Friday, August 24, 2007

Will the Texas State Board of Education Oppose Teaching ID?

Lightseeker at Texas Kaos takes heart in a Houston Chronicle article assessing the views of the Texas State Board of Education members on the teaching of evolution versus intelligent design in the schools. The board is scheduled to revise the science curriculum in the 2007-2008 calendar, and many expect proponents of intelligent design to launch an aggressive campaign to include the teaching of ID in the classroom.

First the good news:

In Interviews with The Dallas Morning News, 10 of the board's 15 members said they wouldn't support requiring the teaching of intelligent design. One board member said she was open to the idea. Four board members didn't respond to the newspaper's phone calls.....

Other board members who said they believe the curriculum should continue to include evolution and not be changed to accommodate intelligent design were: Geraldine "Tincy" Miller, R-Dallas; Barbara Cargill, R-The Woodlands; Gail Lowe, R-Lampasas; Bob Craig, R-Lubbock; Mavis Knight, D-Dallas; Rick Agosto, D-San Antonio; Lawrence Allen, D-Houston; and Mary Helen Berlanga, D-Corpus Christi.

Note that Gail Lowe, who calls herself a creationist, represents District 14, including Denton County.

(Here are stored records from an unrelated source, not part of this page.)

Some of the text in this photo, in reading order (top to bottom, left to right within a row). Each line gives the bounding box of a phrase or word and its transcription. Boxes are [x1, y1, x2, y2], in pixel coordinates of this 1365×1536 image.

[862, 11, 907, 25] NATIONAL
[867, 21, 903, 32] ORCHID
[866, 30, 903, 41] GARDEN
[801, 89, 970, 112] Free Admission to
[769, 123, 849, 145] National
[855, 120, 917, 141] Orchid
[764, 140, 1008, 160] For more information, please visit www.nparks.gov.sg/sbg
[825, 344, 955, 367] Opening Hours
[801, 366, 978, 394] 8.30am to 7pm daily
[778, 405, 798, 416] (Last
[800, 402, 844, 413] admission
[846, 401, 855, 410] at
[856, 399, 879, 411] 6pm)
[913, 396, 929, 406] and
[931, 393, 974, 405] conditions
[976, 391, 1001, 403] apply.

And then there is this reassuring quote.

"Creationism and intelligent design don't belong in our science classes," said Board of Education Chairman Don McLeroy, who described himself as a creationist. "Anything taught in science has to have consensus in the science community and intelligent design does not."

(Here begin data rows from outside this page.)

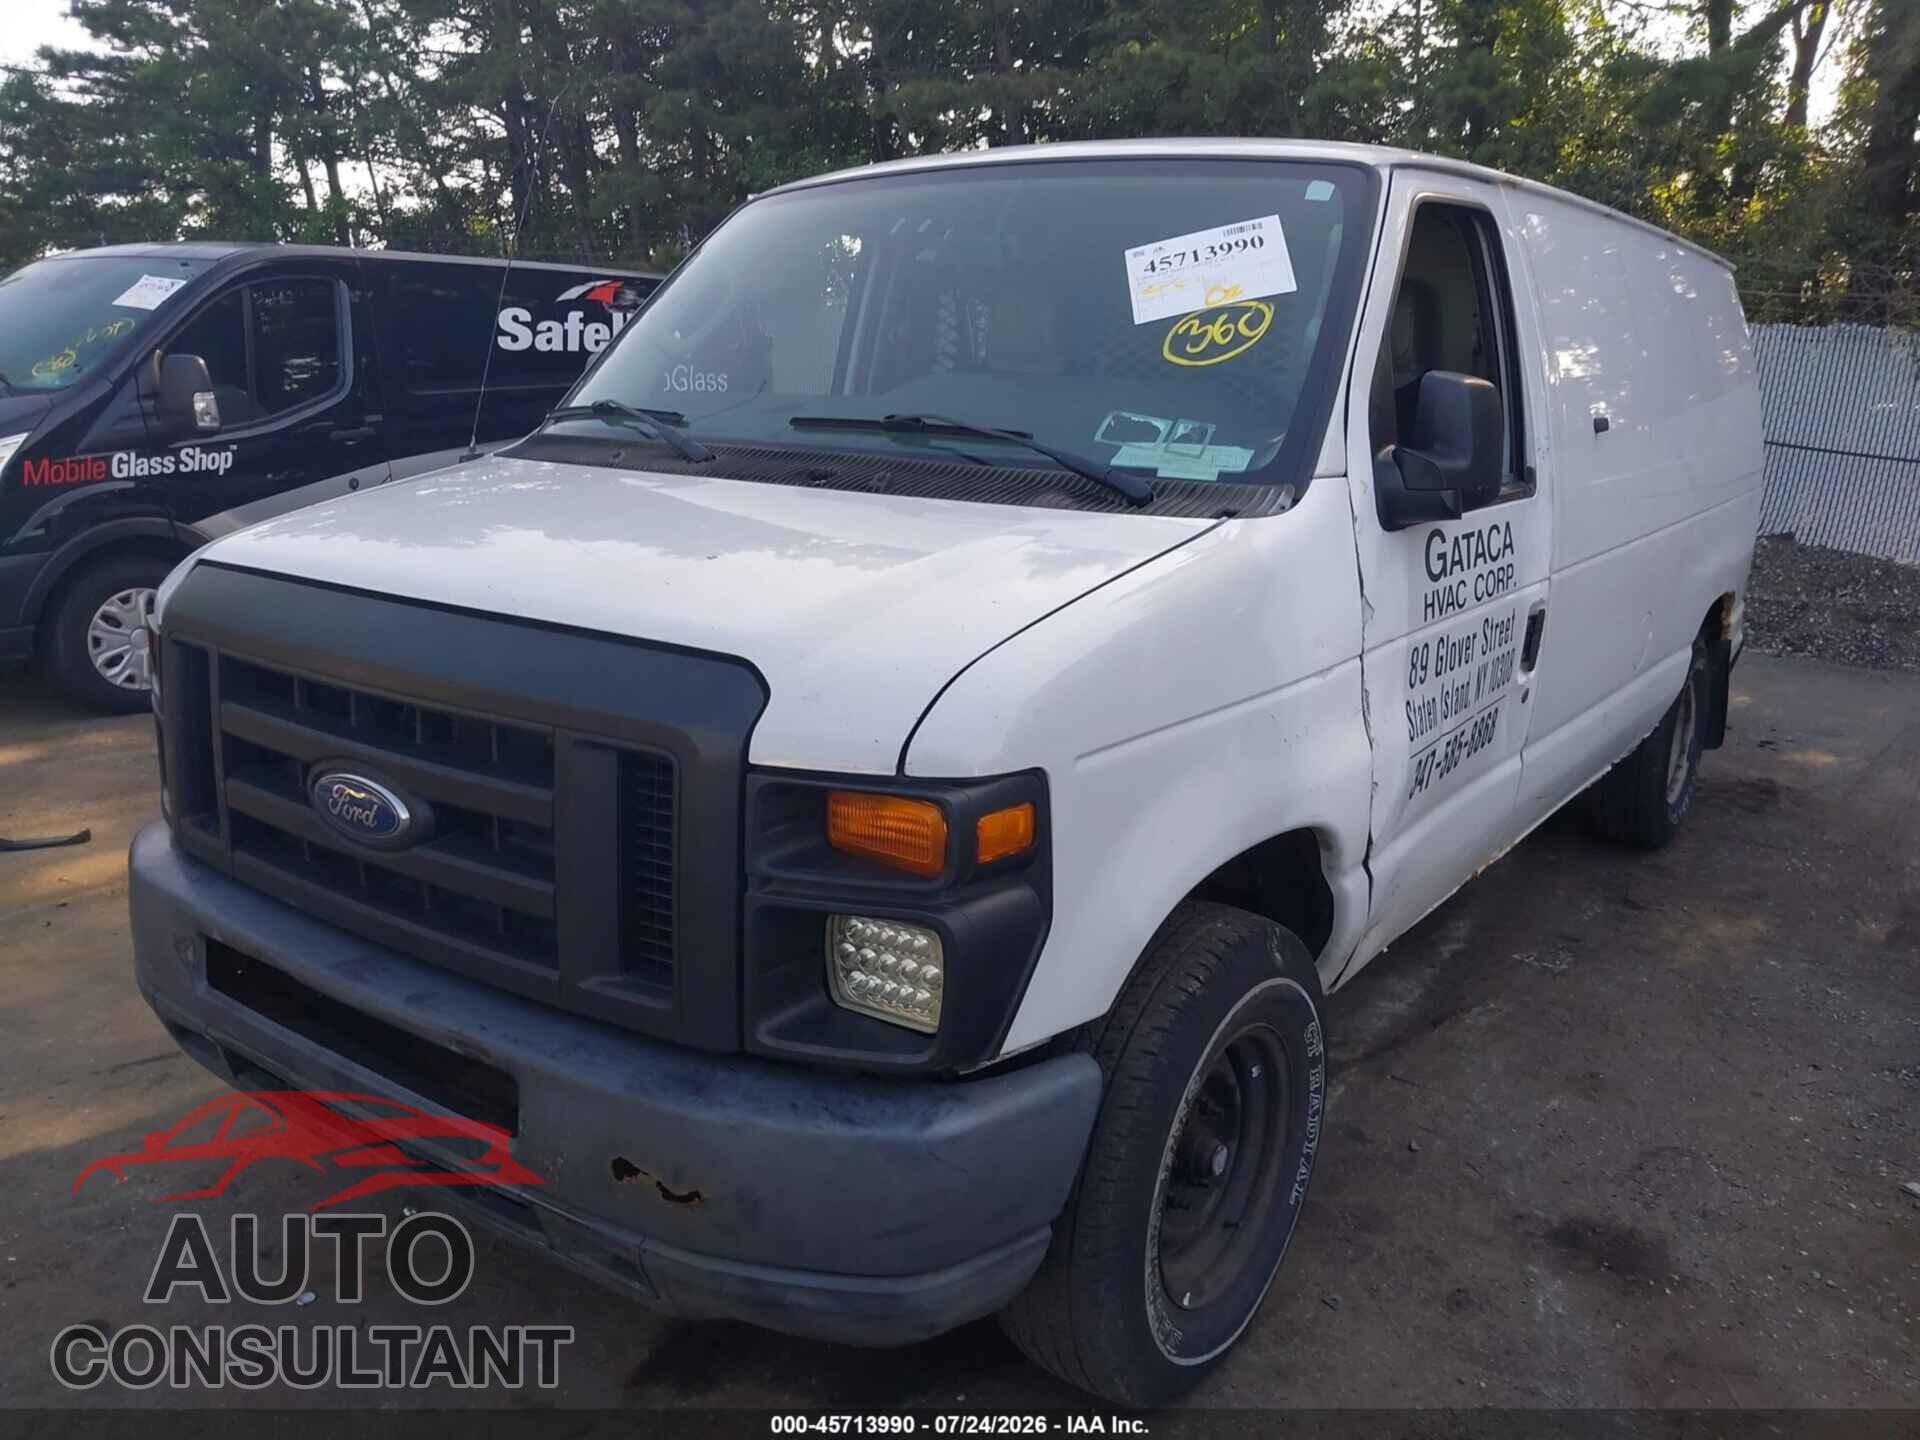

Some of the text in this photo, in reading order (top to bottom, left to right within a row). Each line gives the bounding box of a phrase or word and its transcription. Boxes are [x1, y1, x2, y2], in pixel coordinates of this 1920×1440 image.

[1144, 235, 1265, 273] 45713990
[497, 307, 633, 352] Safel
[1177, 309, 1271, 353] 360
[23, 455, 106, 486] Mobile
[111, 451, 175, 479] Glass
[1424, 521, 1515, 583] GATACA
[1424, 563, 1517, 622] HVAC CORP.
[1409, 607, 1516, 689] 89 Glover Street
[1405, 699, 1438, 742] Staten
[328, 784, 382, 828] Ford

It's reassuring, because McElroy's appointment last month by Governor Rick Perry kicked up a firestorm of protest over concerns that he was an anti-science, religious ideologue. We should take McElroy's quote to mean that evolution will be taught in our public schools according to scientific consensus, right?

Maybe not. Here's another quote from the Houston Chron article by McLeroy.

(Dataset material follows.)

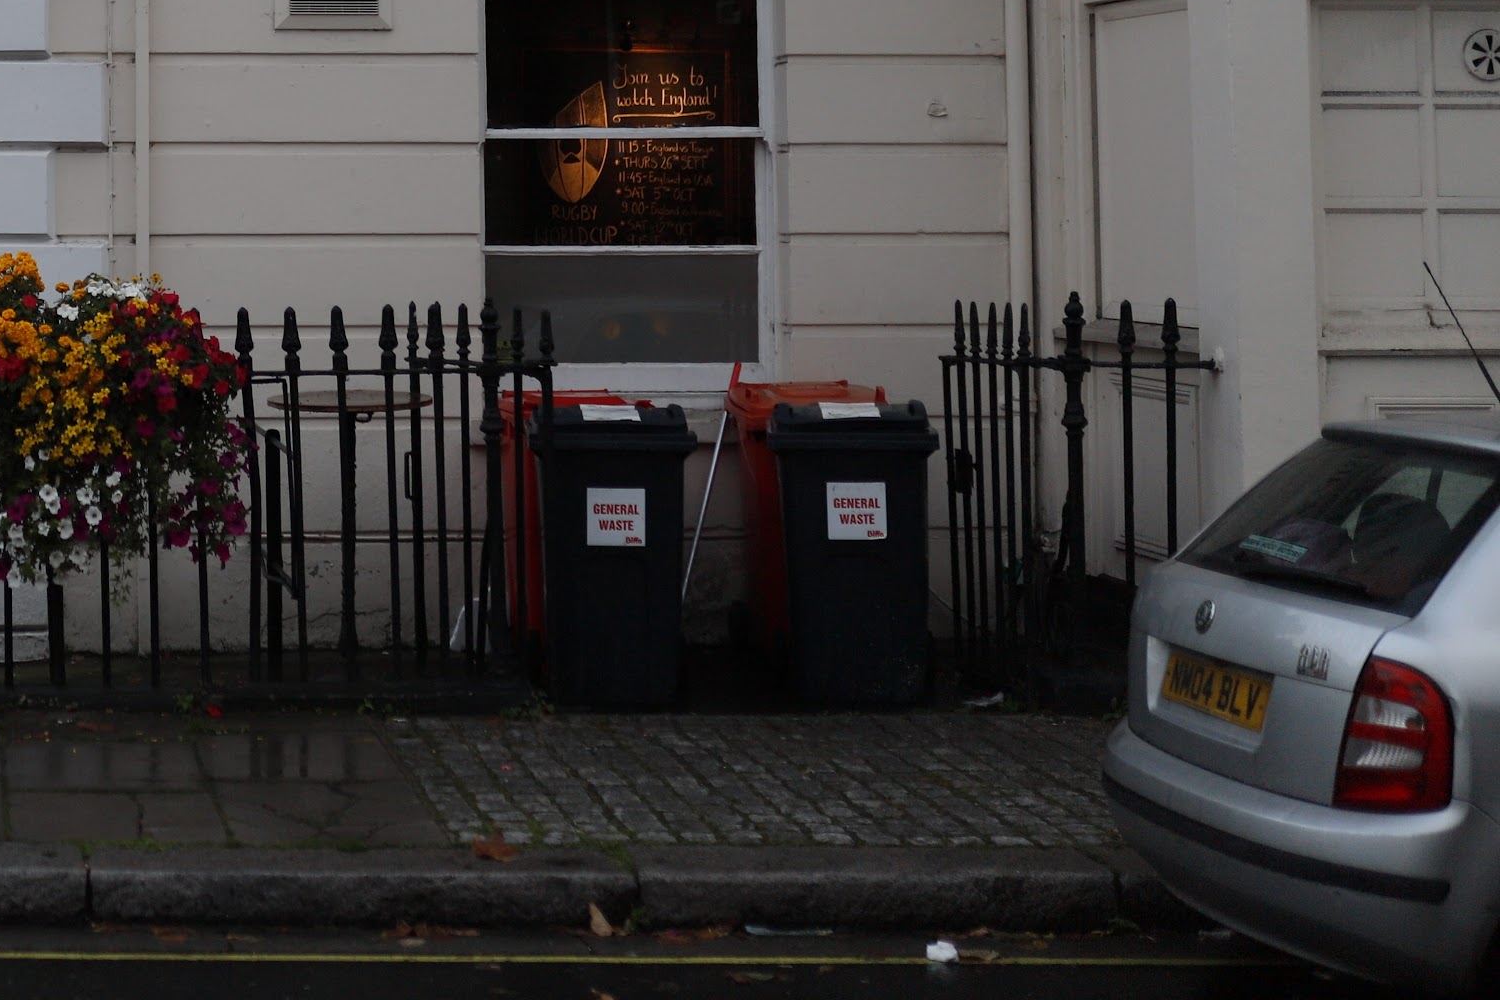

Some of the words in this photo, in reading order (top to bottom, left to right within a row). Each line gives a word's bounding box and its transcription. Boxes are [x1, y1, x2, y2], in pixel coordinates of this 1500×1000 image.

McLeroy, R-College Station, said he doesn't want to change the existing requirement that evolution be taught in high school biology classes. But he joined several of his colleagues in arguing that biology textbooks should cover the weaknesses of the theory of evolution [emphasis added].

The Texas Freedom Network highlighted a speech McLeroy delivered to the Grace Bible Church in 2005.

McLeroy recounted the controversy over teaching evolution during the State Board of Education’s adoption of new biology textbooks in 2003. McLeroy was one of only four members on the 15-member panel who voted to reject the textbooks. Those four members argued that the textbooks failed to discuss what they called the “weaknesses” of evolutionary theory. They were backed by the Discovery Institute, a Seattle-based organization that opposes evolution and promotes “intelligent design” as an alternative. McLeroy said:

“It was only the four really conservative, orthodox Christians on the board [who] were willing to stand up to the textbooks and say they don’t present the weaknesses of evolution. Amazing."

So don't think for one minute that Perry appointed McLeroy to be chairman of the board with the concession that he not advocate his views on creationism. The "weaknesses" argument is code for ID, which in turn is creationism wrapped up in enough jargon to make a claim that it passes scientific muster. It doesn't, but that's for another post.

TFN leaves us with this warning.

In the 2006 elections, religious conservatives increased their numbers on the state board to eight – a majority. The board is currently overhauling all public school curriculum standards. The board is scheduled to take up revisions to science standards – including standards dealing with evolution – in 2007-08.

Even Lightseeker warns us to "pay attention, even while celebrating this , apparent, step forward."